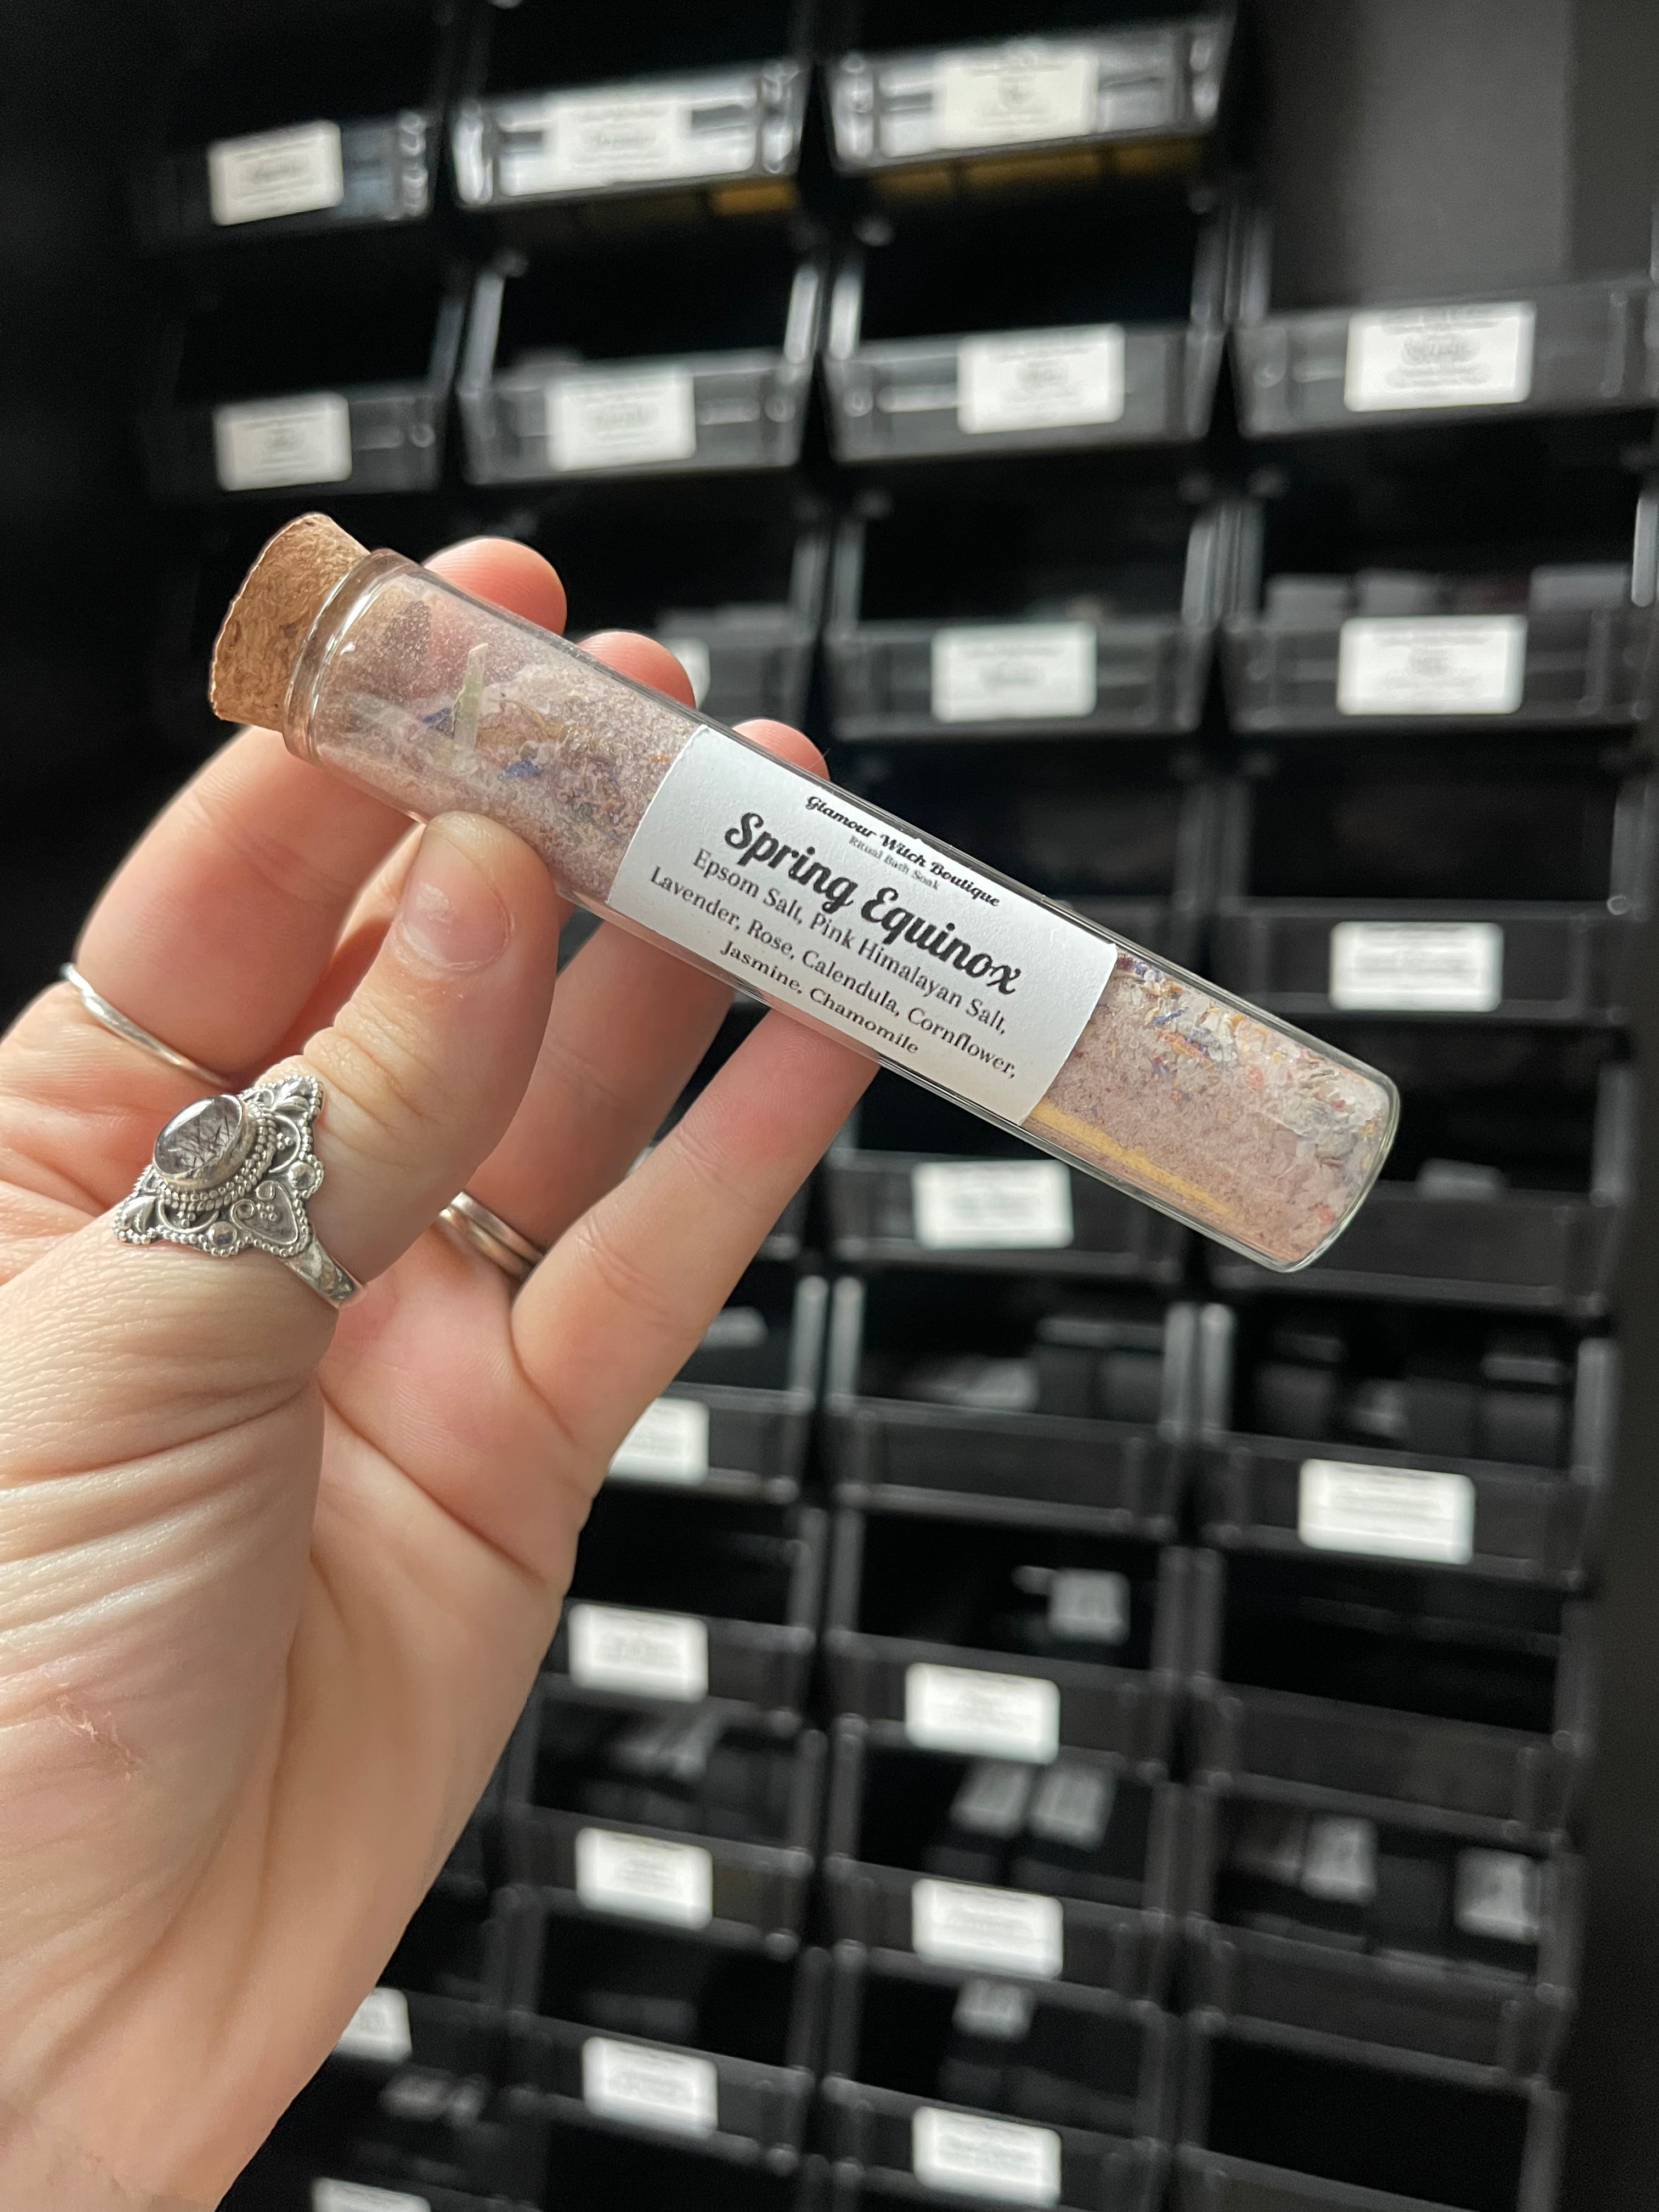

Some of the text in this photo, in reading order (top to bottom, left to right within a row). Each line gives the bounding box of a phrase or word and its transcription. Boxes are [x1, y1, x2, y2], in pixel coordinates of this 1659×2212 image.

[724, 812, 1022, 995] Spring Equinox
[805, 796, 1000, 907] Glamour Witch Boutique
[884, 855, 910, 875] Bath
[911, 870, 939, 890] Soak
[651, 865, 1014, 1079] Lavender, Rose, Calendula, Cornflower,
[693, 848, 1005, 1035] Epsom Salt, Pink Himalayan Salt,
[720, 940, 918, 1054] Jasmine, Chamomile

#### WHAT YOU NEED TO DO:
Drop every picture from the data, then output all the rest exactly.

#### TASK RESPONSE:
Some of the text in this photo, in reading order (top to bottom, left to right within a row). Each line gives the bounding box of a phrase or word and its transcription. Boxes are [x1, y1, x2, y2], in pixel coordinates of this 1659×2212 image.

[724, 812, 1022, 995] Spring Equinox
[805, 796, 1000, 907] Glamour Witch Boutique
[884, 855, 910, 875] Bath
[911, 870, 939, 890] Soak
[651, 865, 1014, 1079] Lavender, Rose, Calendula, Cornflower,
[693, 848, 1005, 1035] Epsom Salt, Pink Himalayan Salt,
[720, 940, 918, 1054] Jasmine, Chamomile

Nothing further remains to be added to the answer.